Murder Most Foul
Eleventh of May, 2009, just before 11 AM: I was walking down the road in upper Carr Canyon in the Huachuca Mountains of Arizona, hoping to find something interesting to record. A Dusky-capped Flycatcher was calling occasionally; some distant Yellow-eyed Juncos and Western Tanagers were singing; but the day was beginning to heat up, and bird activity was waning. Near where I parked my car, I heard some quiet high-pitched squeals, but they didn’t seem to belong to anything in particular. For a moment I got excited when a pair of Buff-breasted Flycatchers drove off a pair of Brown-headed Cowbirds that had been, I guessed, “casing the joint” — but this interaction was brief and quiet and I got none of it on tape; nor could I find the flycatchers’ nest.
A minute later, from back near my car, I noted that high-pitched squealing again. Belatedly, I realized it sounded like nestlings. Eager to record some begging calls, I headed for the sound, which was coming from near the top of a short oak, and turned on my microphone.
At first it just sounded like baby birds being fed:
But soon it became clear that something else was going on. There was more activity in the tree than you’d expect from parents feeding nestlings — at least two or three birds were fluttering agitatedly in the crown, but I couldn’t see what kind they were, or what exactly they were doing. It started to sound less like begging calls and more like distress calls:
And then, suddenly, a large dark bird took off from the tree with something dangling from its bill. Behind it came a smaller bird in hot pursuit:
The birds landed in the open for a moment, long enough for me to see that the nest robber was a male Brown-headed Cowbird, and the frantic parent a Hutton’s Vireo. Then the cowbird took off with the nestling and the Hutton’s went after it, far out of my sight.
But the squealing at the nest continued. After a moment I risked walking towards it, and discovered the female cowbird pecking furiously at the contents of the nest, while another Hutton’s Vireo, or the same one, flitted around it and scolded it ineffectually:
Within a couple of minutes, the squeals stopped, and I could see the female cowbird eating something out of the nest. After another minute she fled the scene, leaving the adult vireo alone with the ruined nest, and me as a witness to a particularly brutal version of a very rare event.
It has long been known that Brown-headed Cowbirds will occasionally destroy the eggs of their host species instead of parasitizing the nest. It is rarer for cowbirds to attack nests after the eggs have hatched, but even so, the removal of nestlings by cowbirds has been documented one or two dozen times in the literature. In some of these cases, the cowbirds have been seen to eat the nestlings. However, the vast majority of all such attacks have involved solo females. In only two or three cases has nest predation involving male cowbirds ever been documented (see Igl 2003 and the references cited therein).

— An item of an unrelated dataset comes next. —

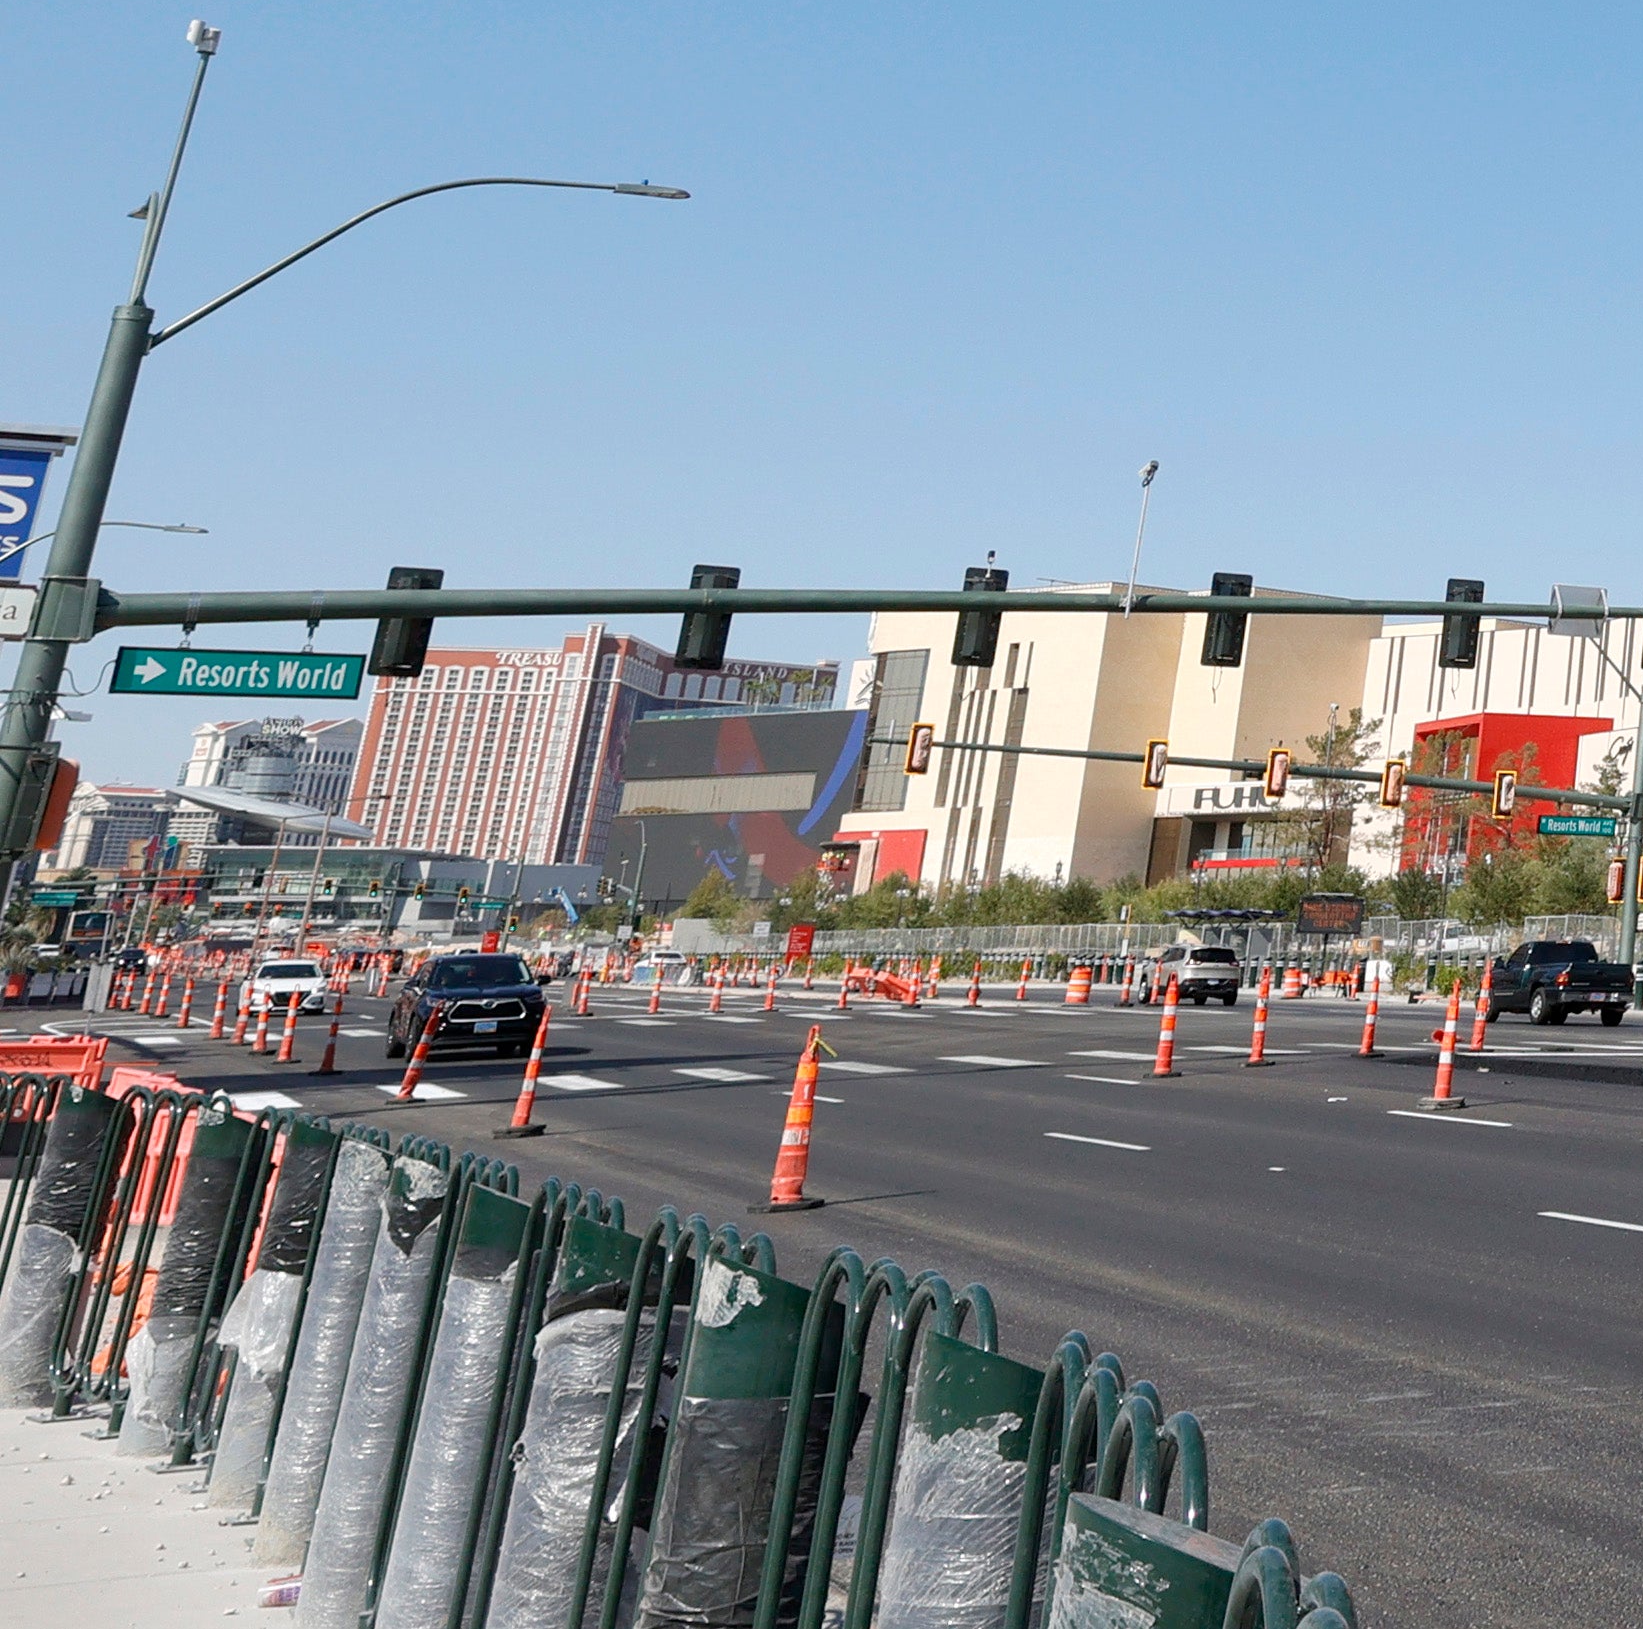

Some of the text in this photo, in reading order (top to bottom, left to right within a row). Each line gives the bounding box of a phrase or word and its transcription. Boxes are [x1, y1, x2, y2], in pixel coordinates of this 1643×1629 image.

[496, 652, 562, 668] TREASU
[178, 657, 348, 691] Resorts World
[1547, 818, 1577, 832] Resorts
[1578, 820, 1601, 833] World

Why do cowbirds do this? One fascinating line of thinking is the “mafia hypothesis,” which holds that cowbirds come back frequently to check on the eggs they have laid in other species’ nests — and if they find the cowbird egg has gone missing (presumably because the host parents have recognized it as an imposter and ejected it), the cowbirds destroy the nest in retaliation (Hoover & Robinson 2007). By forcing the host parents to build a new nest, the cowbirds may be giving themselves another chance to parasitize it at a later date.

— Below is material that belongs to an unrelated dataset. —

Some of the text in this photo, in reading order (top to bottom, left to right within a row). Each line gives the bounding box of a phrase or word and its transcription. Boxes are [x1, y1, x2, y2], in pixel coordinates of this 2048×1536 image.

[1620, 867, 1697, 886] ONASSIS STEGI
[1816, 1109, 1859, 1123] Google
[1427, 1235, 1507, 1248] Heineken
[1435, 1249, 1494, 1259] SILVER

I can’t comment on the validity of the mafia hypothesis, but I can say that what I witnessed was fascinating, and a little disturbing — and yet another reason to follow up on odd, unidentified squeaks in the forest.

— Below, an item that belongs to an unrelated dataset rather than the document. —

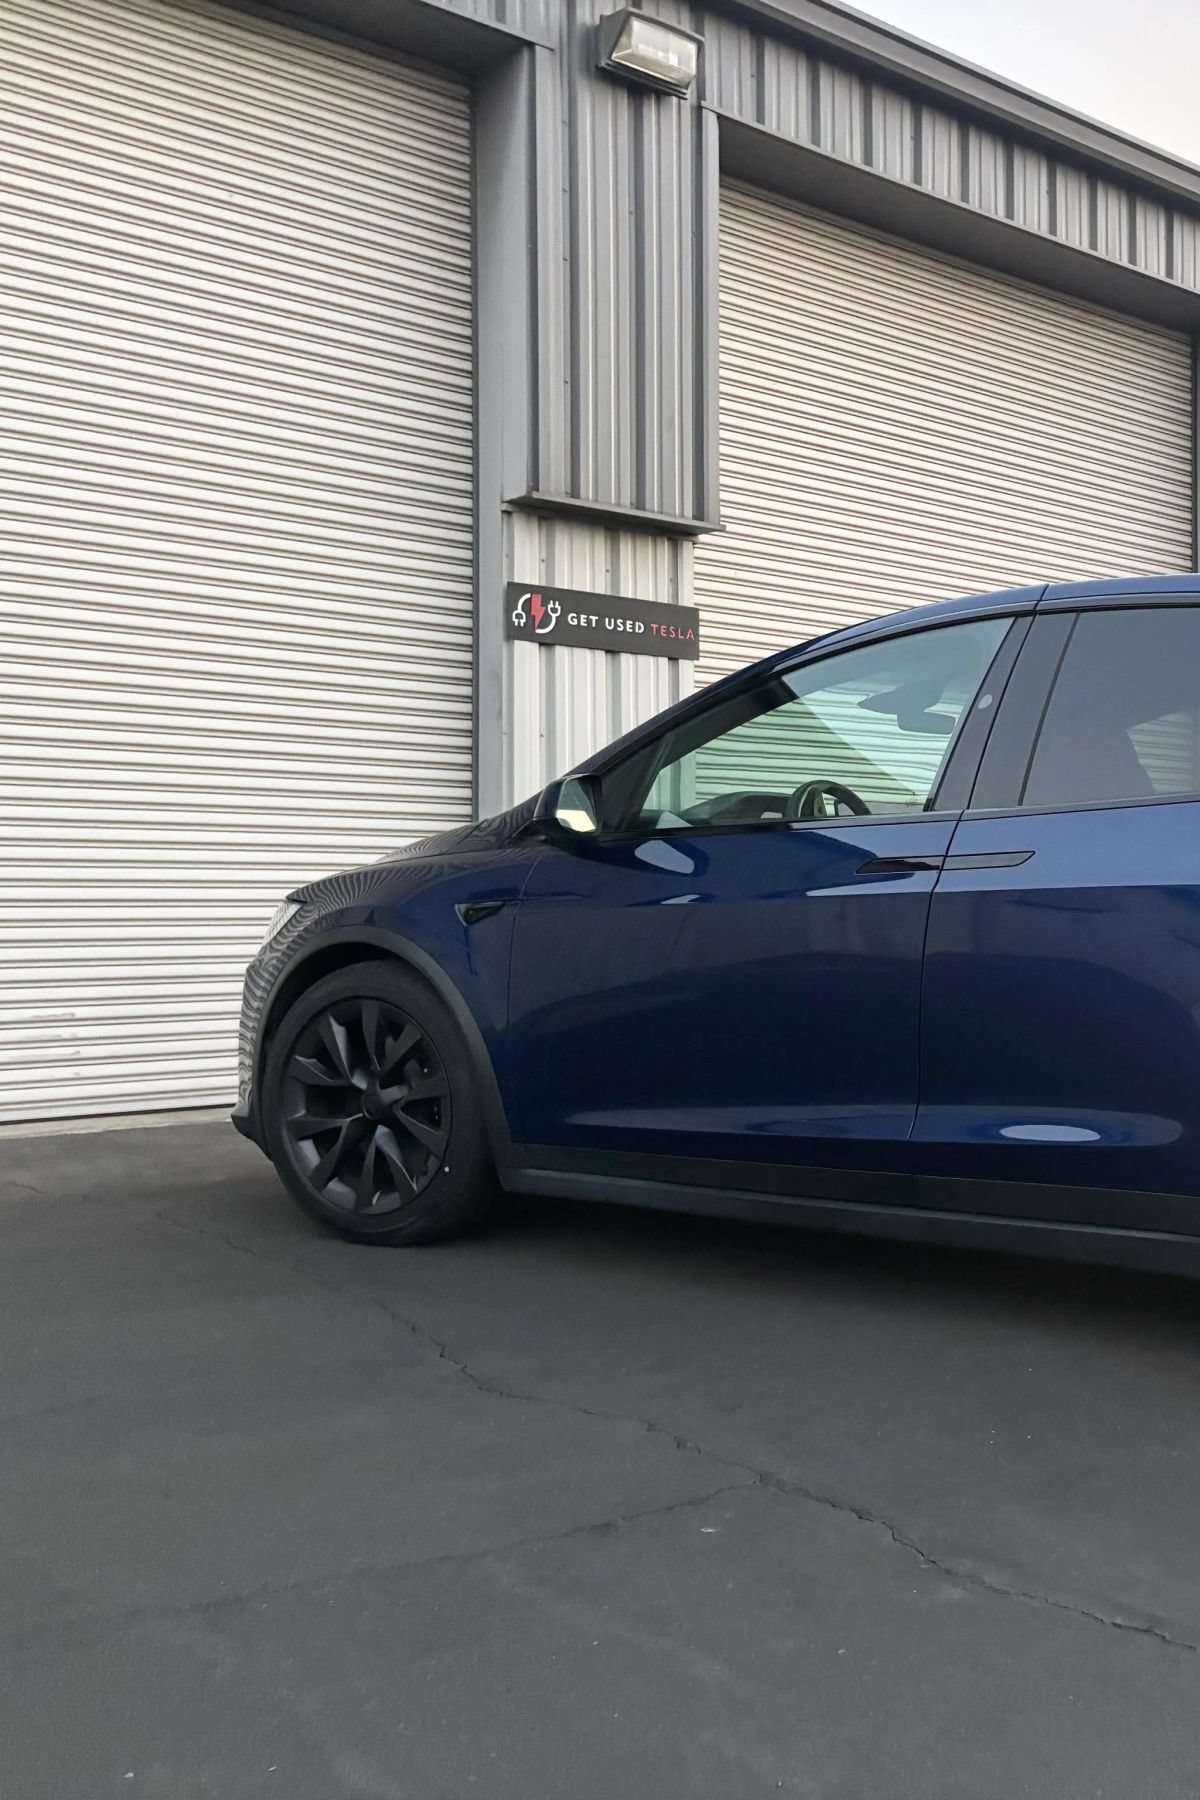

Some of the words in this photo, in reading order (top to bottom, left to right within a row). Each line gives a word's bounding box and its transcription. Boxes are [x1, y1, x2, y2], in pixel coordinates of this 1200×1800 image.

One thought on “Murder Most Foul”
Fascinating account. I found your blog while following links in search of a bird call I heard this afternoon. I never expected to read something like you related — although, I am aware of the laziness of the cowbird!
I live in the mid-Atlantic region, northern Delaware to be more precise. So, may not encounter many of your bird neighbors. Nonetheless, I will have to return again — to see what new things I can learn.